- The problem
Only the closing stretch of the material is wanted: the line containing "this 1600×1199 image." and every line after it, transcribed exactly.

- Raw data
######

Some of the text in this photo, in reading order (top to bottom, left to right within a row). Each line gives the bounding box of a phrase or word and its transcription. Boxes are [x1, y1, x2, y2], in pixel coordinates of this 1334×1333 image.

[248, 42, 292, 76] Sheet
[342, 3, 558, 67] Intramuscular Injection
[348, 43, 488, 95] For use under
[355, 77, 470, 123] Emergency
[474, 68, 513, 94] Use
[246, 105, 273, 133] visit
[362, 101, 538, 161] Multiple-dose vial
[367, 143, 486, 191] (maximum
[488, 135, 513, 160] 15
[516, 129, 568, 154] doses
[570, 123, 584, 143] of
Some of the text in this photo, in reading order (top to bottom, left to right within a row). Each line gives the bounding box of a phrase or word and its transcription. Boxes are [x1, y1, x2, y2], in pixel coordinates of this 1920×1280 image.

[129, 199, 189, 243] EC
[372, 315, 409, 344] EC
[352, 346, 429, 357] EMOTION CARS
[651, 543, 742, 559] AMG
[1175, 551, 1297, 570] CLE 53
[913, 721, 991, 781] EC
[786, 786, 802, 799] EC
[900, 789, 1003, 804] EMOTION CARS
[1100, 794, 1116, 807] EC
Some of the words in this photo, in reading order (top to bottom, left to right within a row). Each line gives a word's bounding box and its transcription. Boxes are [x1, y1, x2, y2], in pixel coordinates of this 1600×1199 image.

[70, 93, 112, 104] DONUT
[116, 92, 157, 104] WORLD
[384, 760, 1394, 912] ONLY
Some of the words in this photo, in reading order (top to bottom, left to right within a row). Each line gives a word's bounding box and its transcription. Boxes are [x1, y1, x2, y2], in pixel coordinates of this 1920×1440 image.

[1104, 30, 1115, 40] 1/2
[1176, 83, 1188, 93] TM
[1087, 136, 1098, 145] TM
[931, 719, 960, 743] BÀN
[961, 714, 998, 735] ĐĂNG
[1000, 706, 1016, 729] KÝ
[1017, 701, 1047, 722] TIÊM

######

- Worked solution
Some of the words in this photo, in reading order (top to bottom, left to right within a row). Each line gives a word's bounding box and its transcription. Boxes are [x1, y1, x2, y2], in pixel coordinates of this 1600×1199 image.

[70, 93, 112, 104] DONUT
[116, 92, 157, 104] WORLD
[384, 760, 1394, 912] ONLY
Some of the words in this photo, in reading order (top to bottom, left to right within a row). Each line gives a word's bounding box and its transcription. Boxes are [x1, y1, x2, y2], in pixel coordinates of this 1920×1440 image.

[1104, 30, 1115, 40] 1/2
[1176, 83, 1188, 93] TM
[1087, 136, 1098, 145] TM
[931, 719, 960, 743] BÀN
[961, 714, 998, 735] ĐĂNG
[1000, 706, 1016, 729] KÝ
[1017, 701, 1047, 722] TIÊM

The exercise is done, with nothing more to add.